__Assignment__. Return the entries exactly. Images are not part of the copy.

(Items from a data source)
-*-

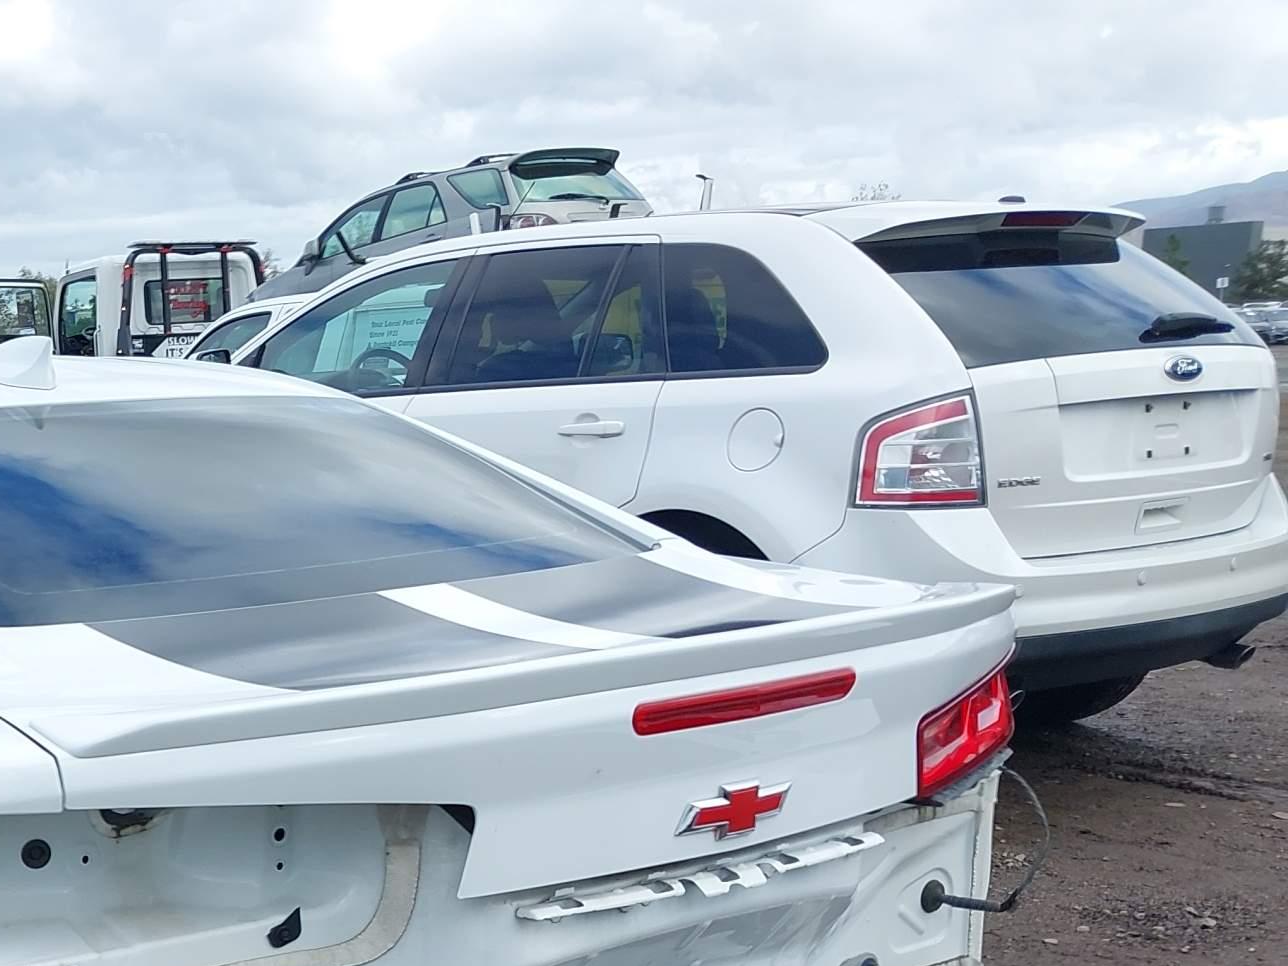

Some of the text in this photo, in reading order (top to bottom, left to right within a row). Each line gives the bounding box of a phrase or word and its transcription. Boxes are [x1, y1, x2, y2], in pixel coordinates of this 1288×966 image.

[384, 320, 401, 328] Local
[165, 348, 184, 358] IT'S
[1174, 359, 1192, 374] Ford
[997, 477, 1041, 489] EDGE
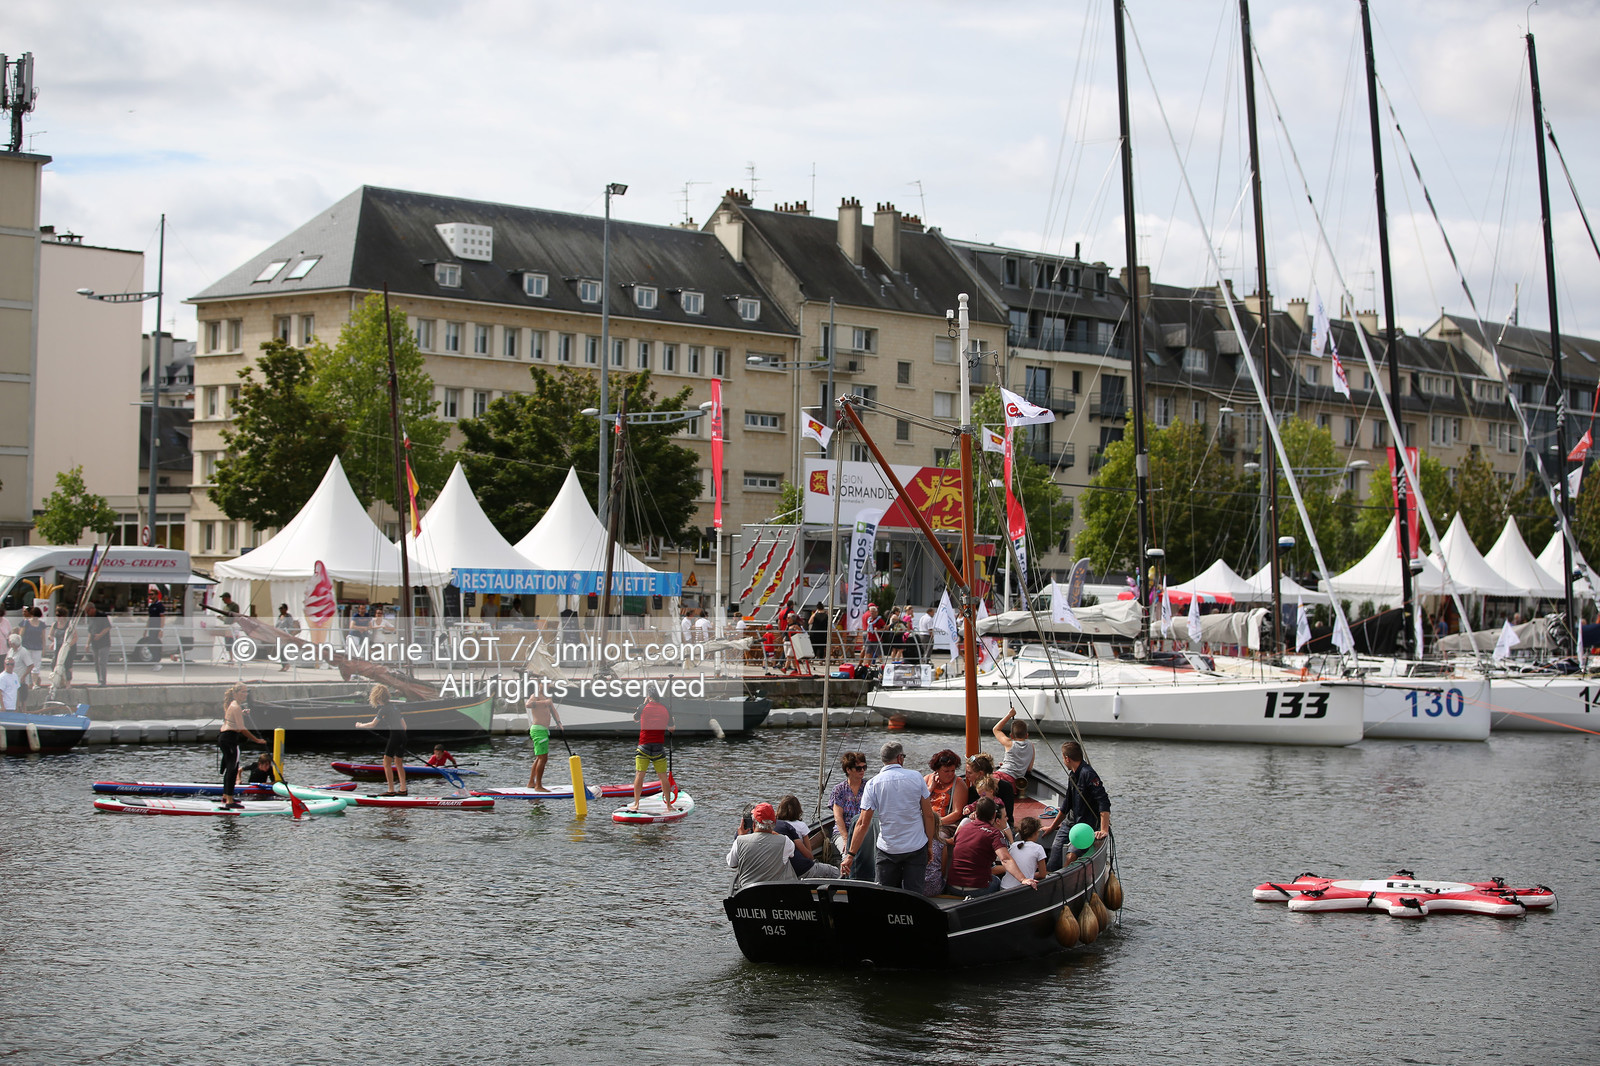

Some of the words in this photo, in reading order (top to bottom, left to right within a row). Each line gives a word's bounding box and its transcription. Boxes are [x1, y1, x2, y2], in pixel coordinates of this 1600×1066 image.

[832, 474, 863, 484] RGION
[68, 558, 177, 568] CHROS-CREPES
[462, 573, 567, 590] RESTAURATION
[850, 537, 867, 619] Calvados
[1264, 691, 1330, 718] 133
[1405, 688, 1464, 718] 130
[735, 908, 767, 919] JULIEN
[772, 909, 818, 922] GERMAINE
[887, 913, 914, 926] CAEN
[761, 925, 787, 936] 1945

-*-

__Solution to this problem__.
Some of the text in this photo, in reading order (top to bottom, left to right within a row). Each line gives the bounding box of a phrase or word and its transcription. Boxes are [x1, y1, x2, y2], in pixel coordinates of this 1288×966 image.

[384, 320, 401, 328] Local
[165, 348, 184, 358] IT'S
[1174, 359, 1192, 374] Ford
[997, 477, 1041, 489] EDGE

Some of the words in this photo, in reading order (top to bottom, left to right within a row). Each line gives a word's bounding box and its transcription. Boxes are [x1, y1, x2, y2], in pixel coordinates of this 1600×1066 image.

[832, 474, 863, 484] RGION
[68, 558, 177, 568] CHROS-CREPES
[462, 573, 567, 590] RESTAURATION
[850, 537, 867, 619] Calvados
[1264, 691, 1330, 718] 133
[1405, 688, 1464, 718] 130
[735, 908, 767, 919] JULIEN
[772, 909, 818, 922] GERMAINE
[887, 913, 914, 926] CAEN
[761, 925, 787, 936] 1945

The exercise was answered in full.